*** Opening of Supplied data ***

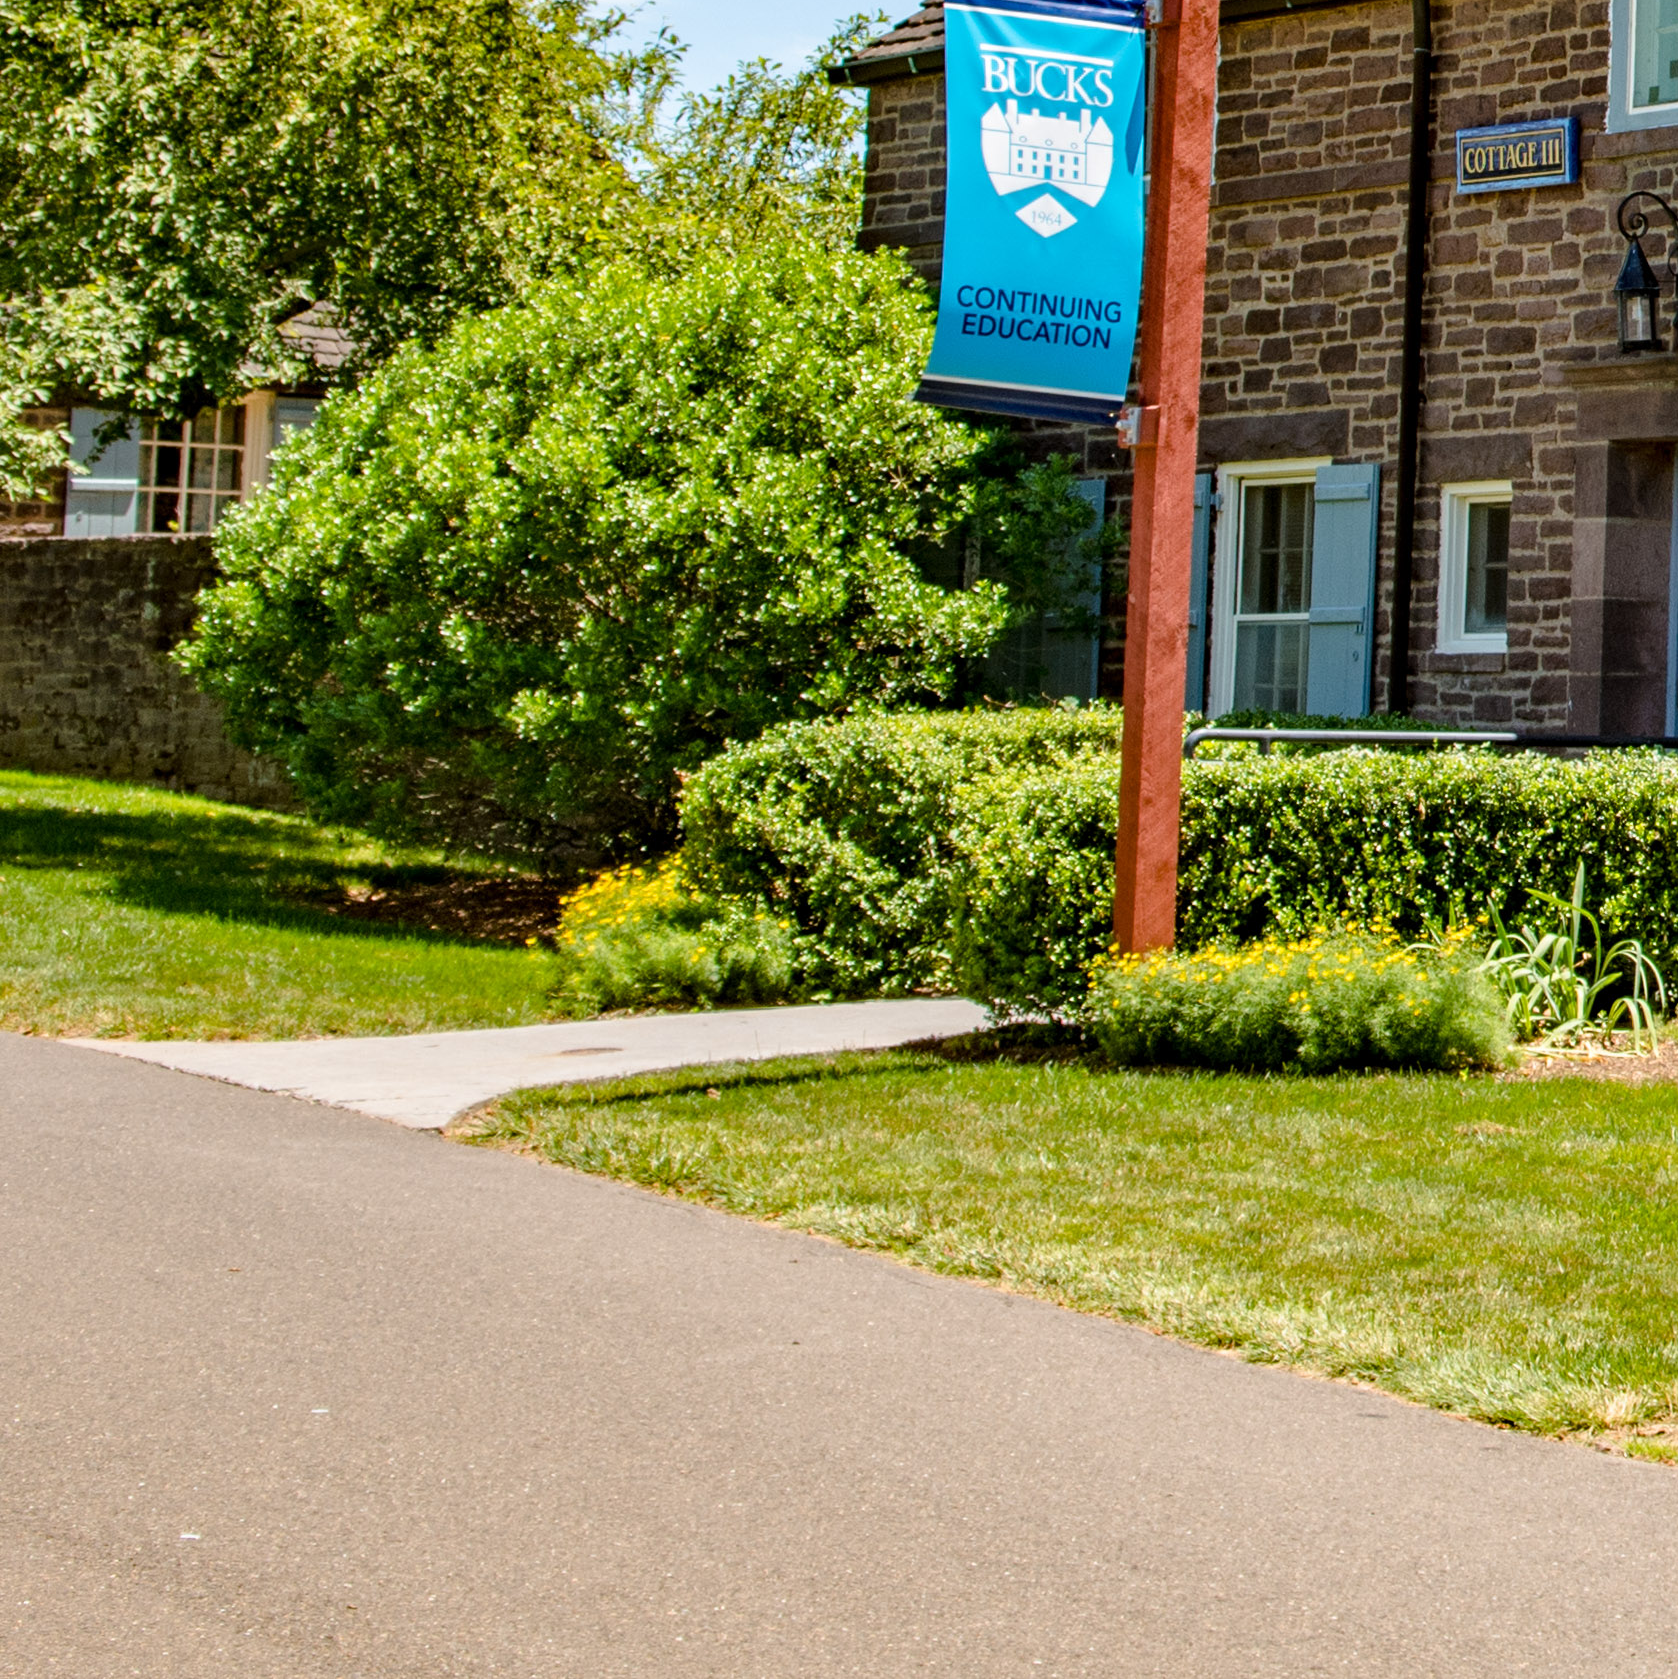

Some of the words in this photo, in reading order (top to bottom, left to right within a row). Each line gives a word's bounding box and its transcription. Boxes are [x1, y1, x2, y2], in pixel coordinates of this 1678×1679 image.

[981, 55, 1114, 108] BUCKS
[1465, 142, 1537, 173] COTTAGE
[1542, 140, 1560, 165] III
[1030, 209, 1063, 228] 1964
[957, 285, 1122, 323] CONTINUING
[961, 313, 1112, 349] EDUCATION
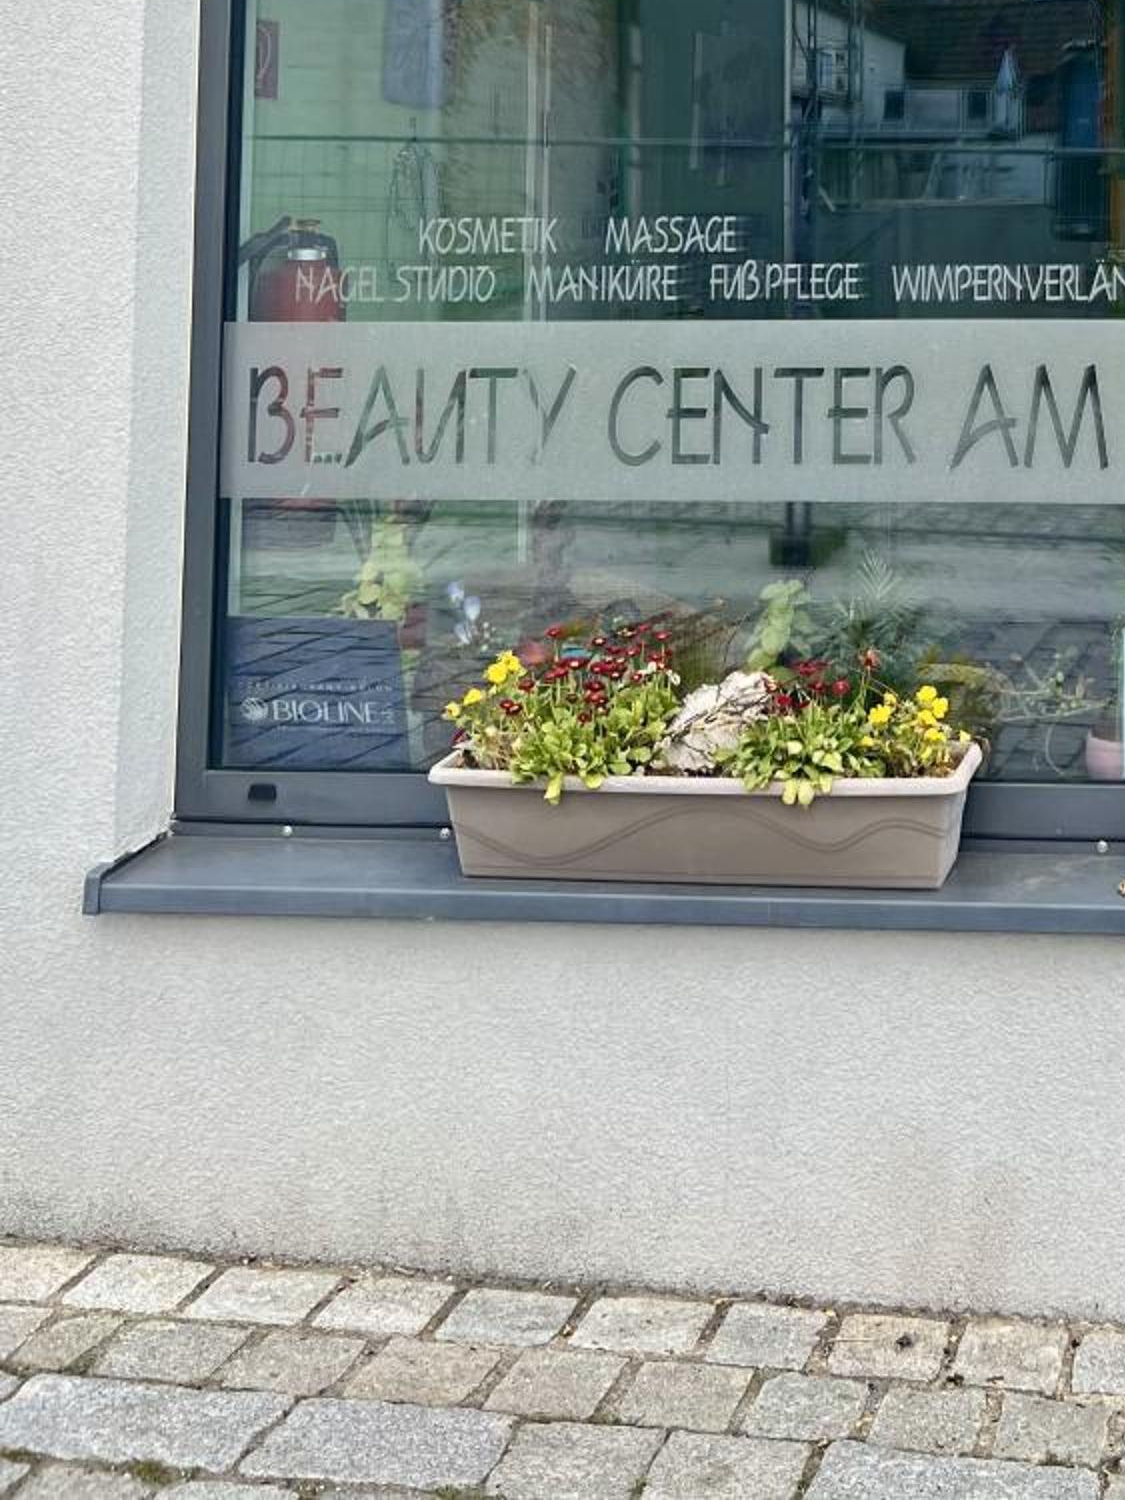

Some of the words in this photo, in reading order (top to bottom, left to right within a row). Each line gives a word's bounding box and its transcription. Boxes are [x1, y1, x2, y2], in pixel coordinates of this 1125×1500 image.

[419, 216, 558, 254] KOSMETIK
[604, 216, 737, 252] MASSAGE
[295, 265, 385, 301] NAGEL
[394, 265, 496, 301] STUDIO
[523, 257, 676, 301] MANIKÜRE
[246, 365, 577, 467] BEAUTY
[607, 364, 917, 466] CENTER
[949, 364, 1109, 469] AM
[272, 700, 380, 724] BIOLINE
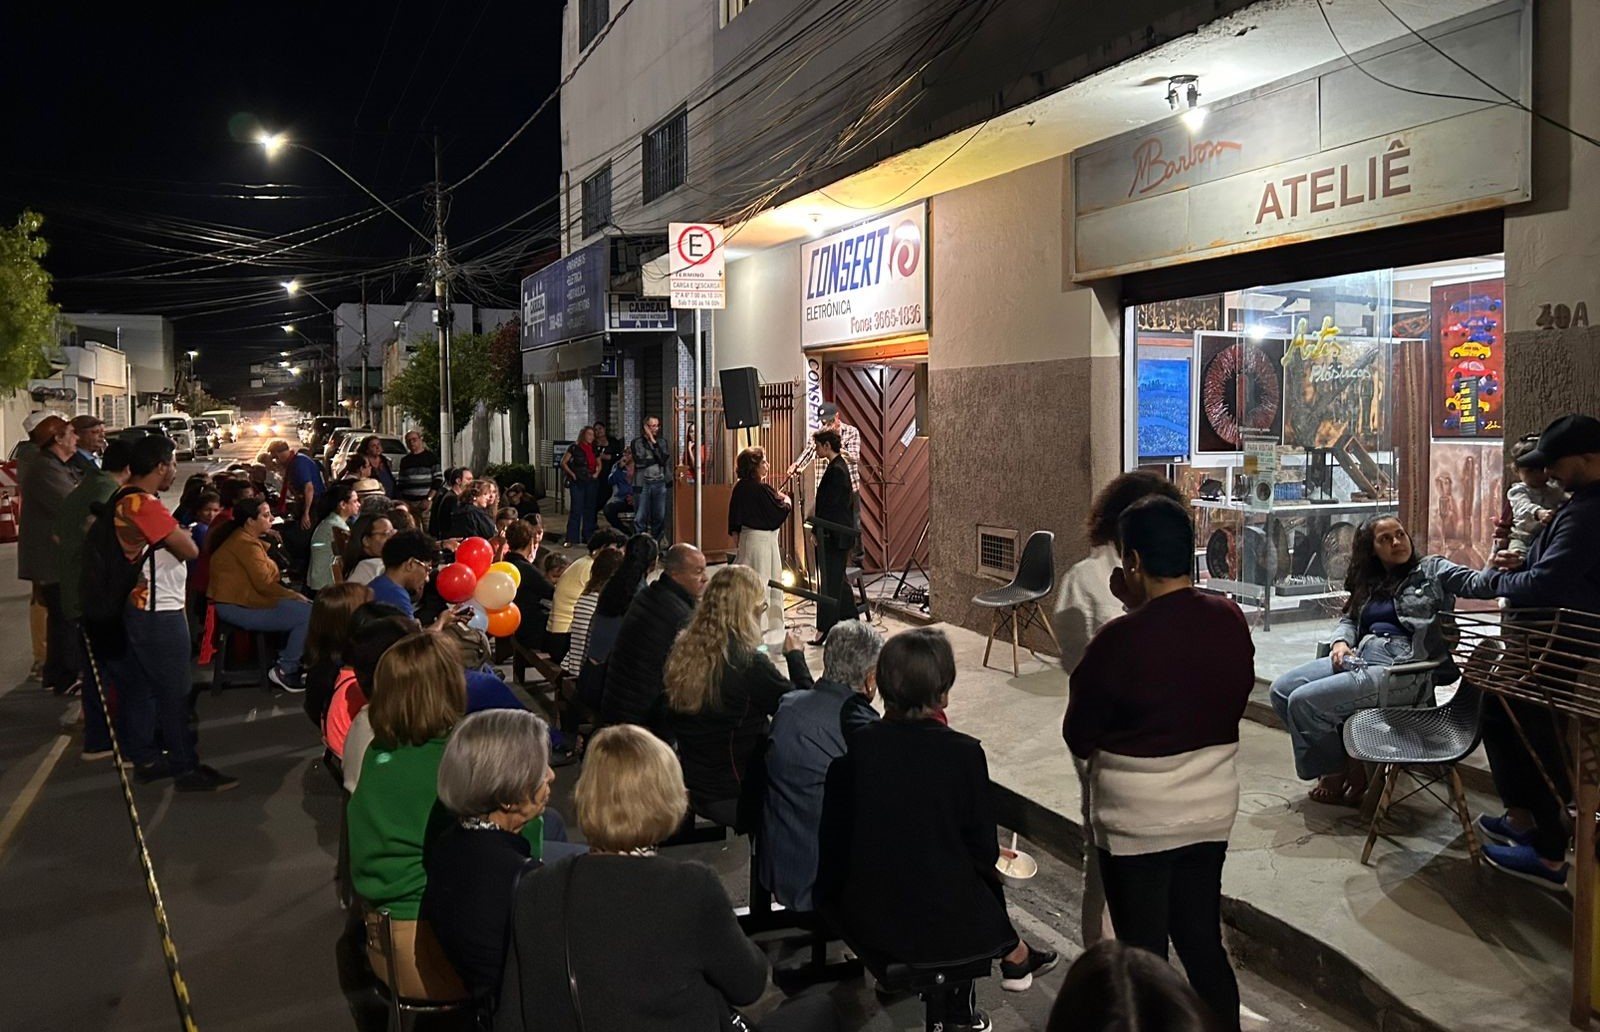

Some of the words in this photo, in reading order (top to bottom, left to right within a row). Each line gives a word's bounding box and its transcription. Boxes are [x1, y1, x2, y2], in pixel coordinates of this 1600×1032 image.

[1255, 139, 1412, 225] ATELIÊ
[689, 233, 703, 257] E
[806, 225, 890, 300] CONSERT
[629, 302, 666, 312] CARDEAL
[806, 299, 852, 322] ELETRÔNICA
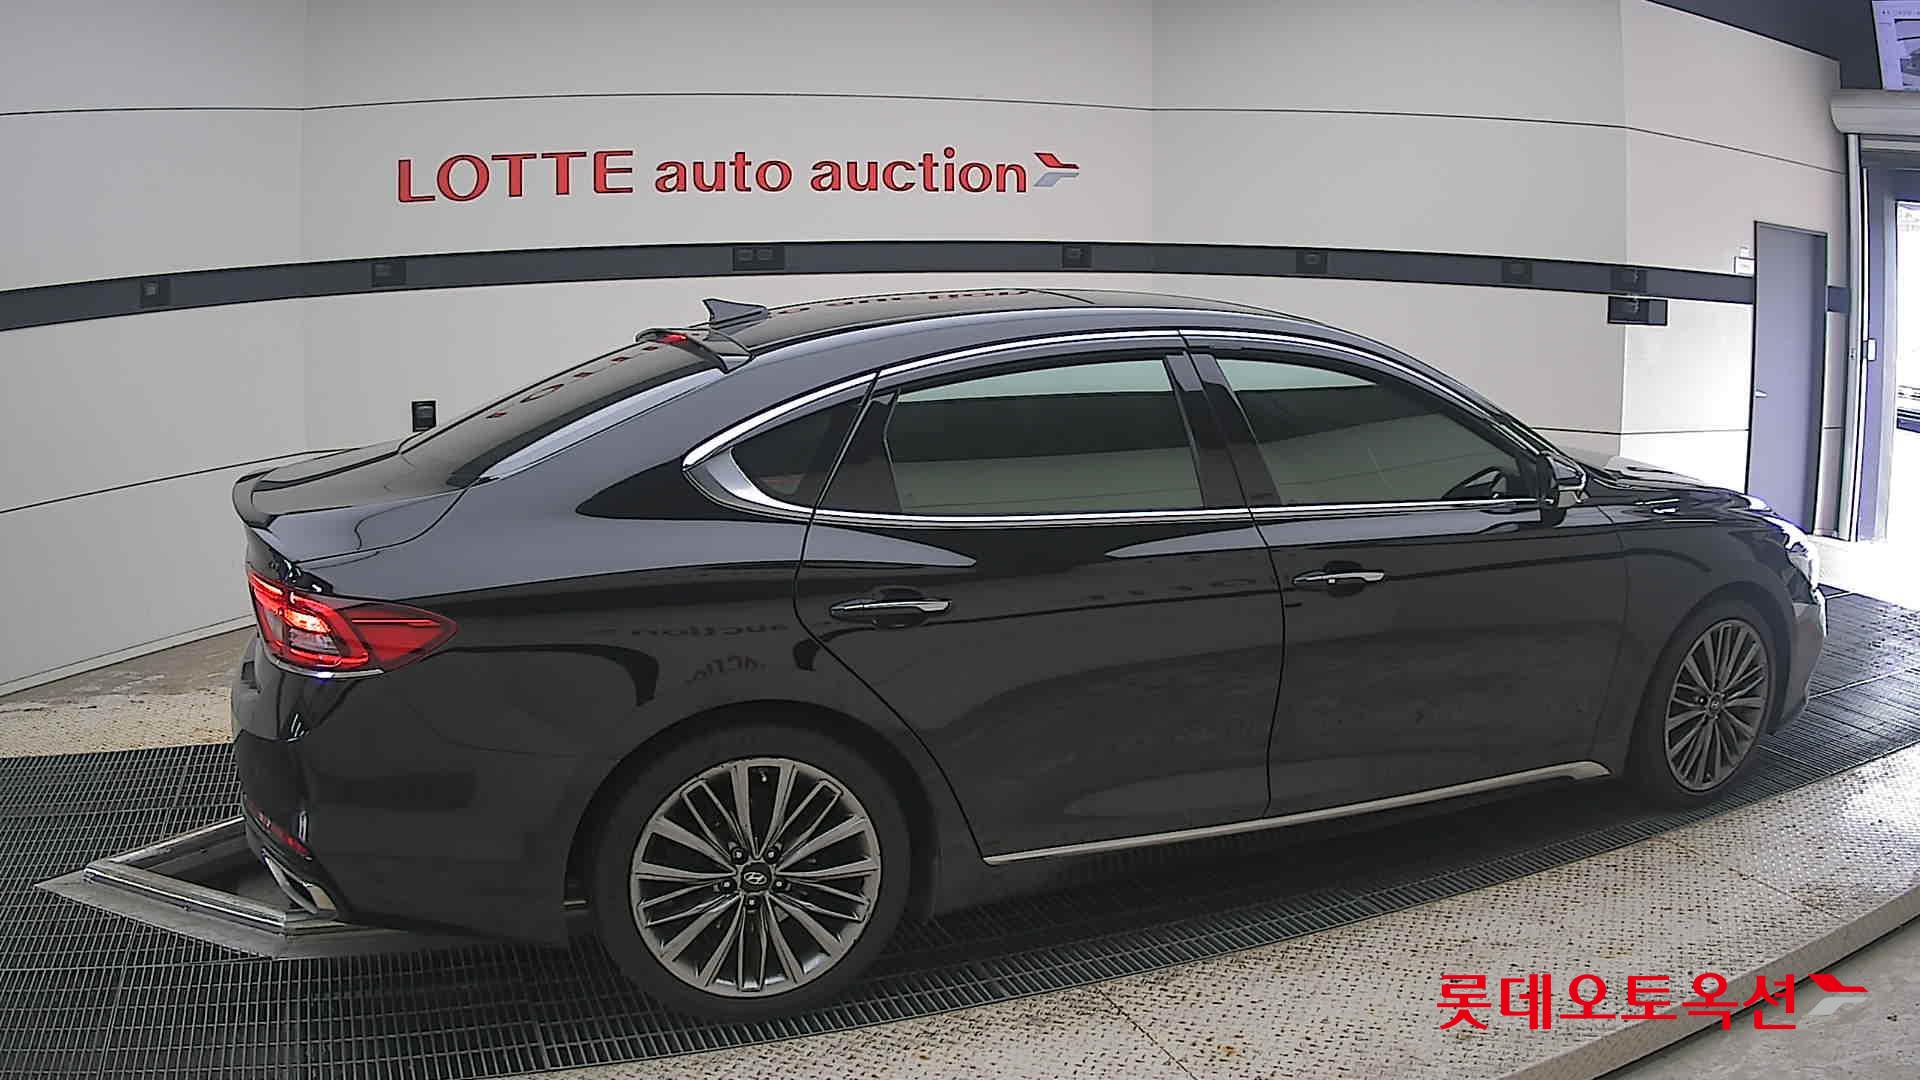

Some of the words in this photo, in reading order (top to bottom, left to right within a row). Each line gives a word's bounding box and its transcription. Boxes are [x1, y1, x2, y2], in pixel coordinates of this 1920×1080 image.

*** Close of Supplied data ***

◆ Task description: Pictures in the records above are not copied; print everything else exactly.

◆ Exercise answer:
Some of the words in this photo, in reading order (top to bottom, left to right within a row). Each line gives a word's bounding box and its transcription. Boxes are [x1, y1, x2, y2], in pixel coordinates of this 1678×1679 image.

[981, 55, 1114, 108] BUCKS
[1465, 142, 1537, 173] COTTAGE
[1542, 140, 1560, 165] III
[1030, 209, 1063, 228] 1964
[957, 285, 1122, 323] CONTINUING
[961, 313, 1112, 349] EDUCATION

Some of the words in this photo, in reading order (top to bottom, left to right within a row). Each line gives a word's bounding box and its transcription. Boxes are [x1, y1, x2, y2], in pixel coordinates of this 1125×1500 image.

[419, 216, 558, 254] KOSMETIK
[604, 216, 737, 252] MASSAGE
[295, 265, 385, 301] NAGEL
[394, 265, 496, 301] STUDIO
[523, 257, 676, 301] MANIKÜRE
[246, 365, 577, 467] BEAUTY
[607, 364, 917, 466] CENTER
[949, 364, 1109, 469] AM
[272, 700, 380, 724] BIOLINE

Some of the words in this photo, in reading order (top to bottom, left to right within a row). Each line gives a word's bounding box and its transcription. Boxes are [x1, y1, x2, y2], in pixel coordinates of this 1600×1032 image.

[1255, 139, 1412, 225] ATELIÊ
[689, 233, 703, 257] E
[806, 225, 890, 300] CONSERT
[629, 302, 666, 312] CARDEAL
[806, 299, 852, 322] ELETRÔNICA

Some of the words in this photo, in reading order (top to bottom, left to right within a row). Each line gives a word's bounding box and its transcription. Boxes are [x1, y1, x2, y2], in pixel coordinates of this 1920×1080 image.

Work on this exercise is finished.